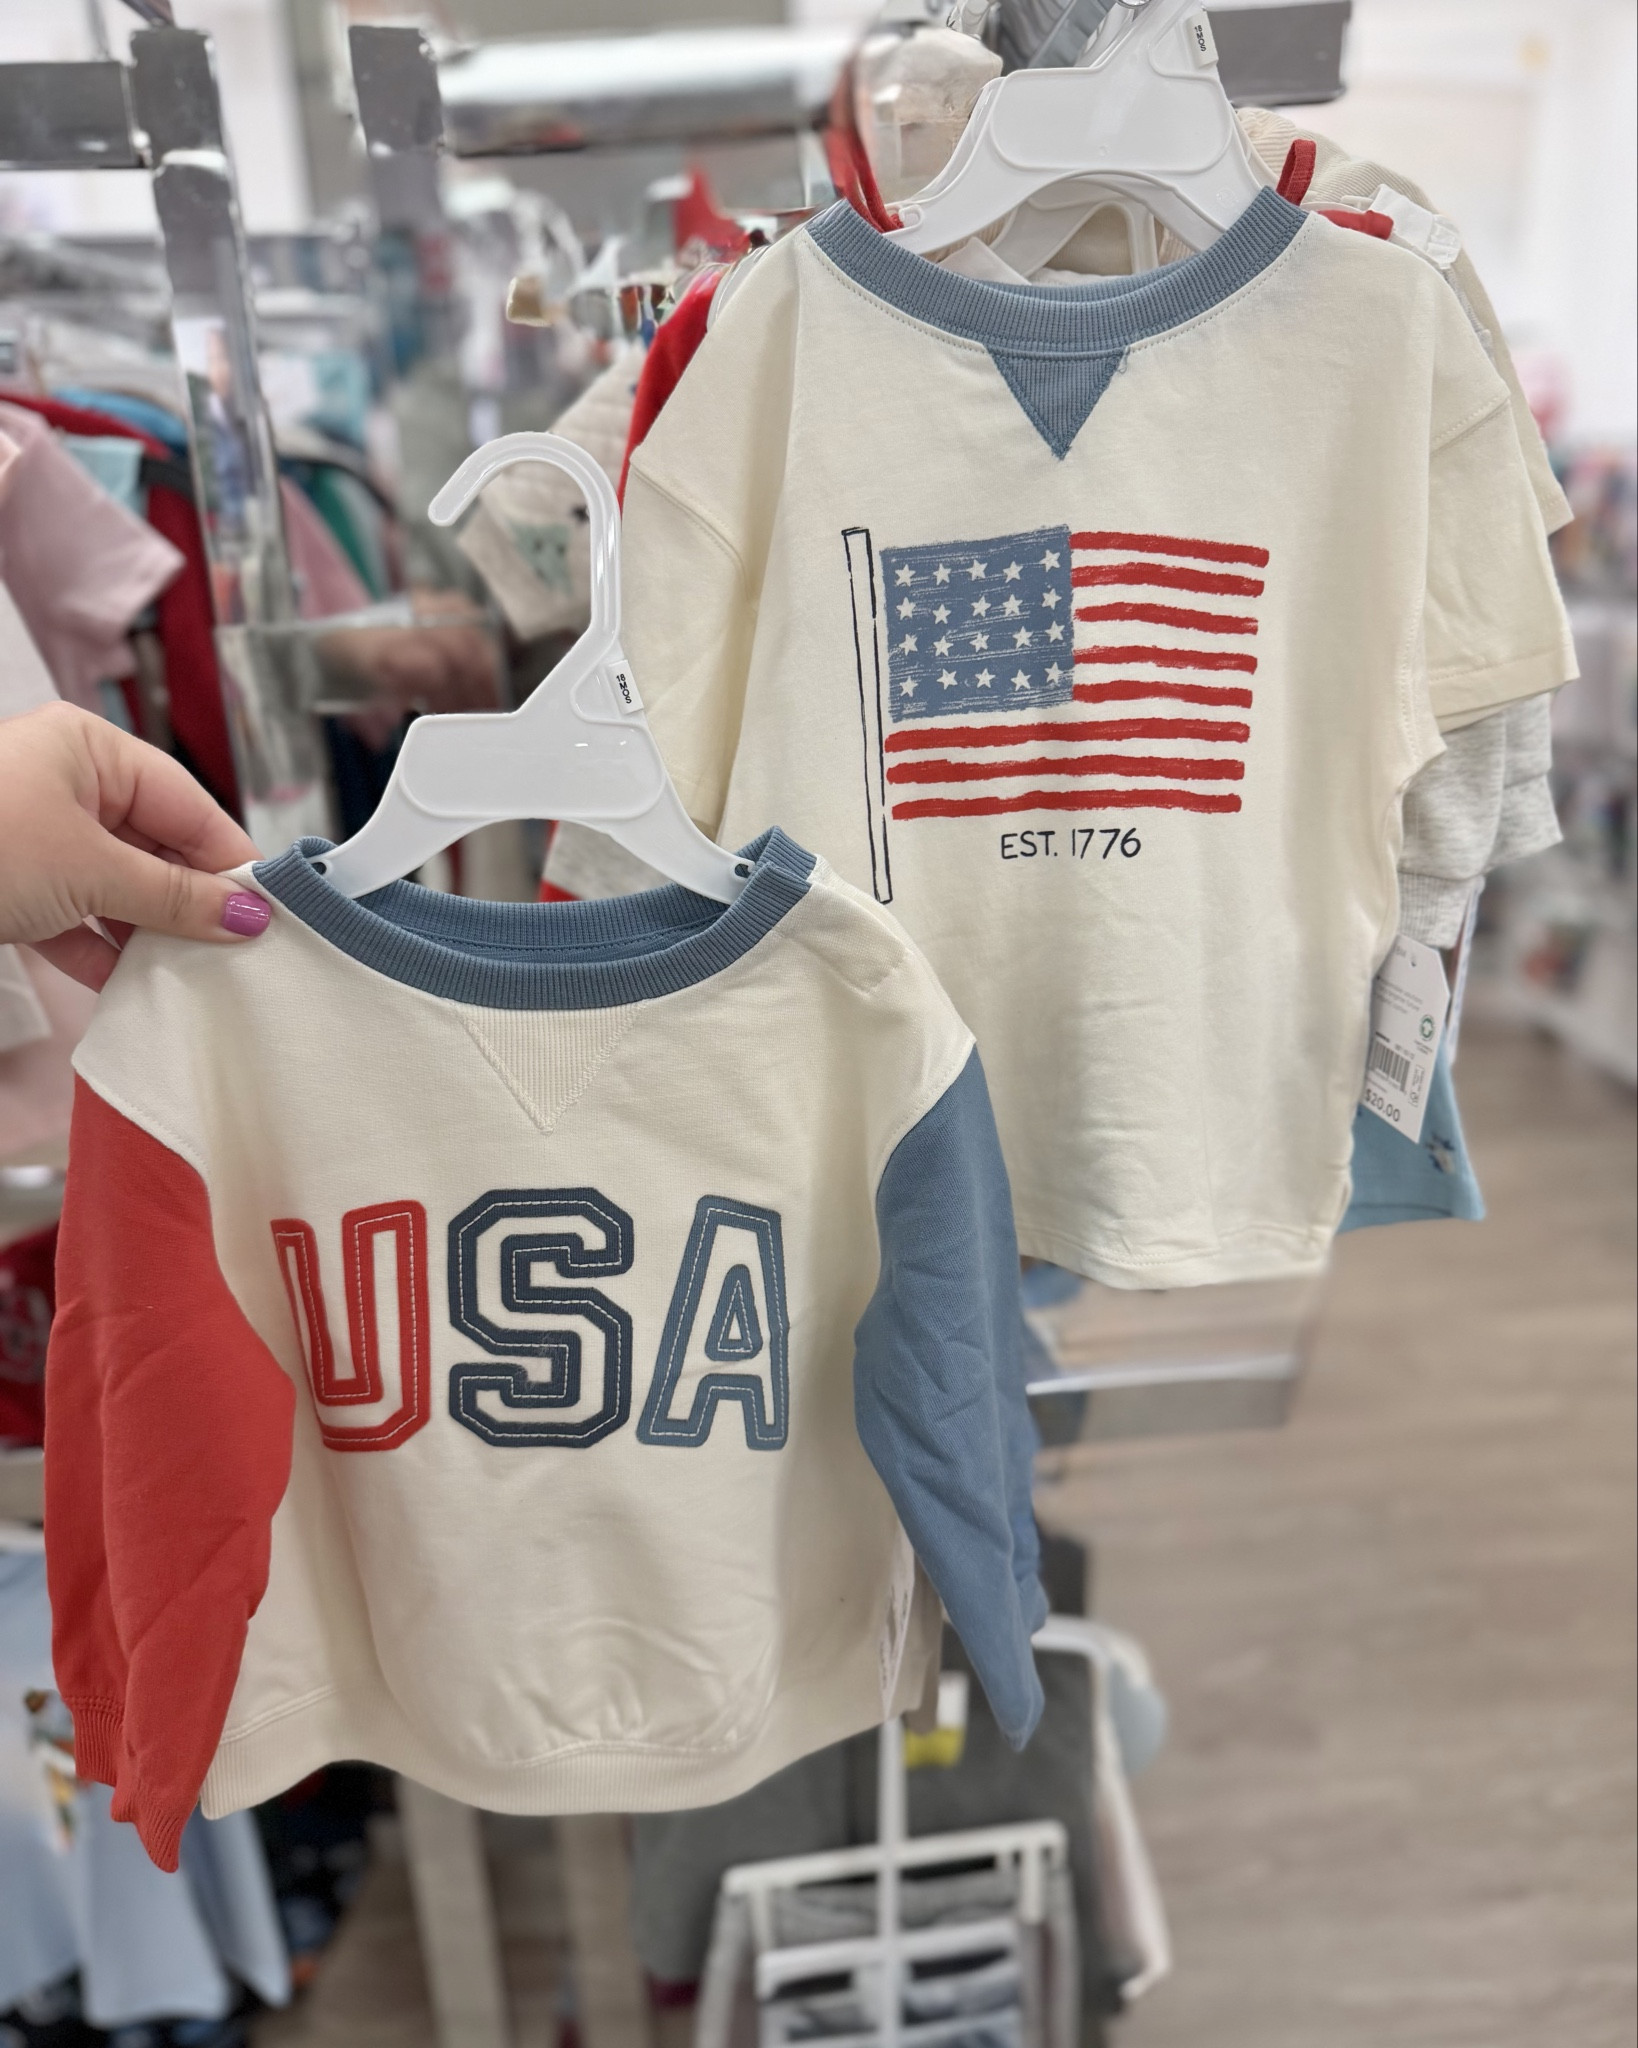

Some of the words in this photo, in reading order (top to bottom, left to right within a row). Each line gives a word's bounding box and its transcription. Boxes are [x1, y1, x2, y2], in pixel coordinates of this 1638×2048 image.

[1001, 830, 1058, 860] EST.
[1072, 827, 1141, 860] 1776
[1364, 1088, 1401, 1122] $20.00
[270, 1187, 790, 1451] USA
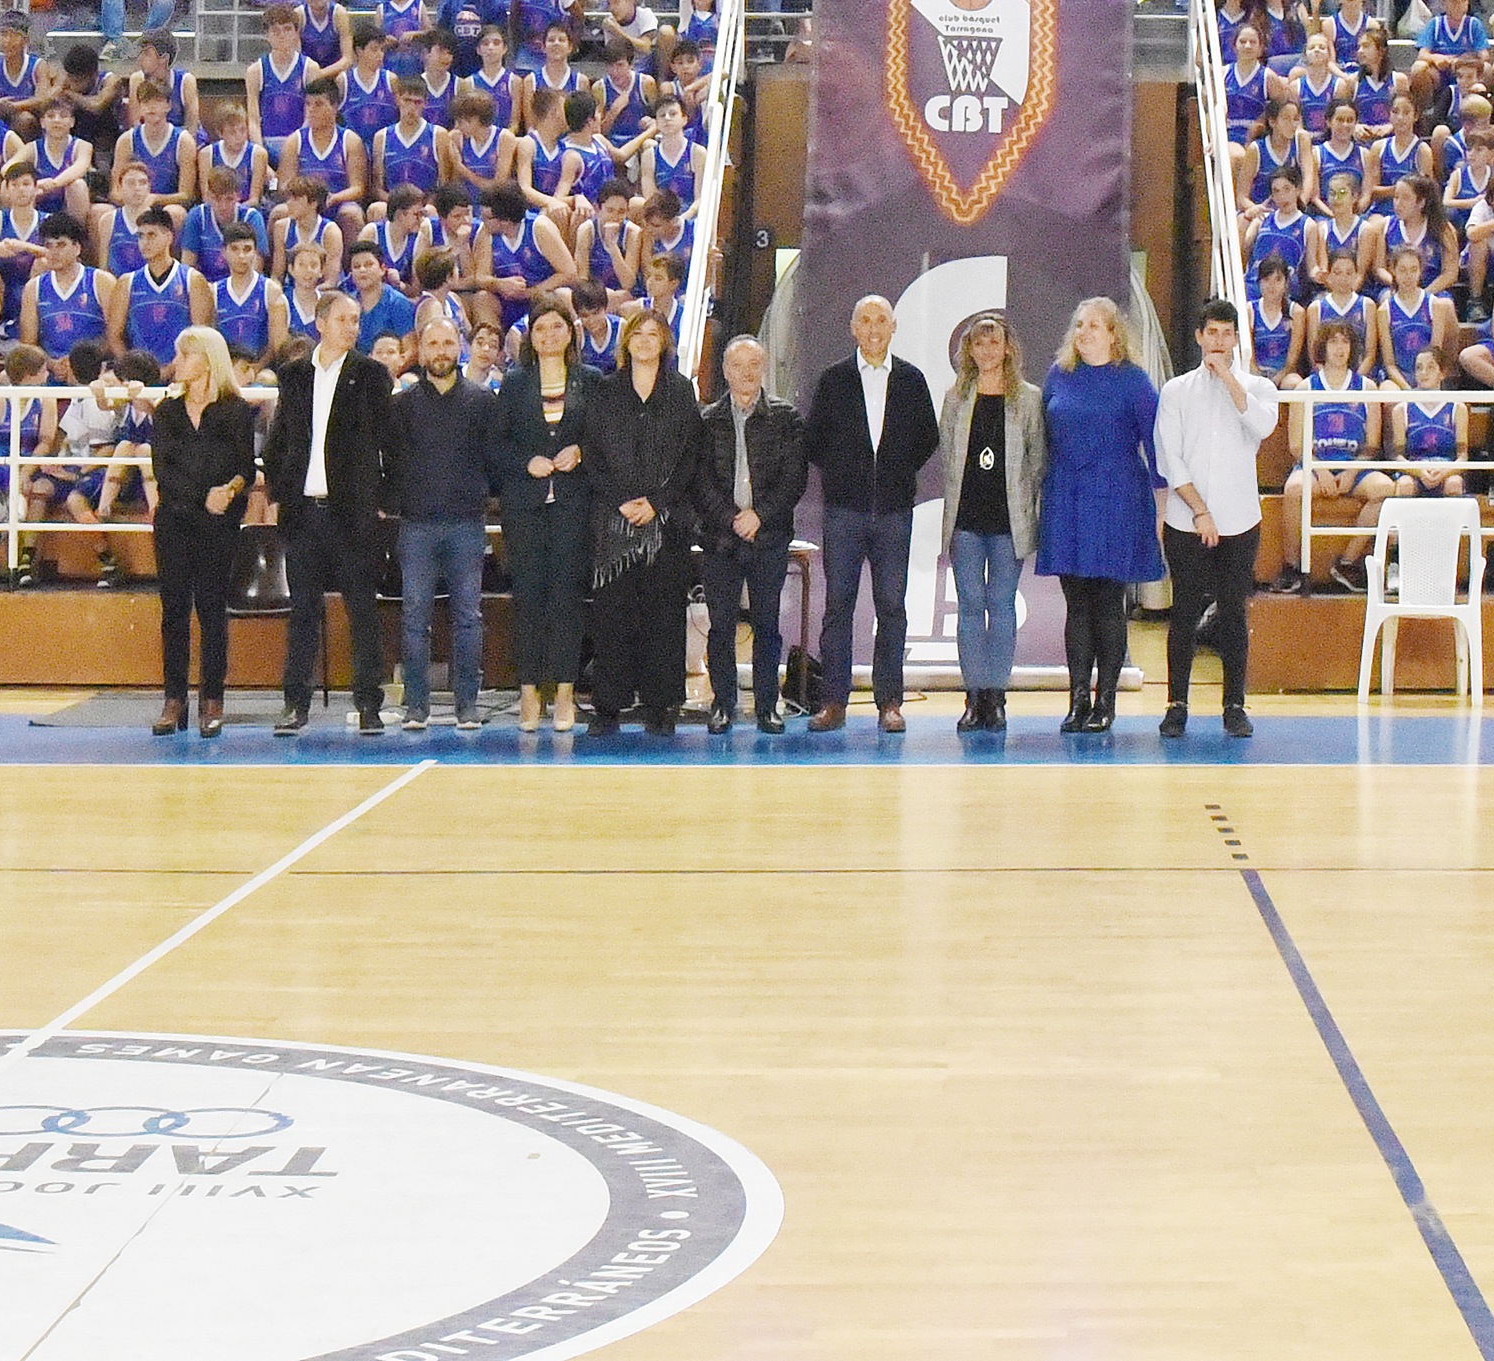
◇ ◇ ◇
WORK ORDER: Leaving every image behind, repeat the data in full and exactly.

ANSWER TO THIS PROBLEM:
Some of the words in this photo, in reading order (top to bottom, left to right within a row). Each line gives a word's bounding box and its transcription. Boxes are [x1, y1, x2, y2], in pixel coordinates of this 1638×2048 image.

[1001, 830, 1058, 860] EST.
[1072, 827, 1141, 860] 1776
[1364, 1088, 1401, 1122] $20.00
[270, 1187, 790, 1451] USA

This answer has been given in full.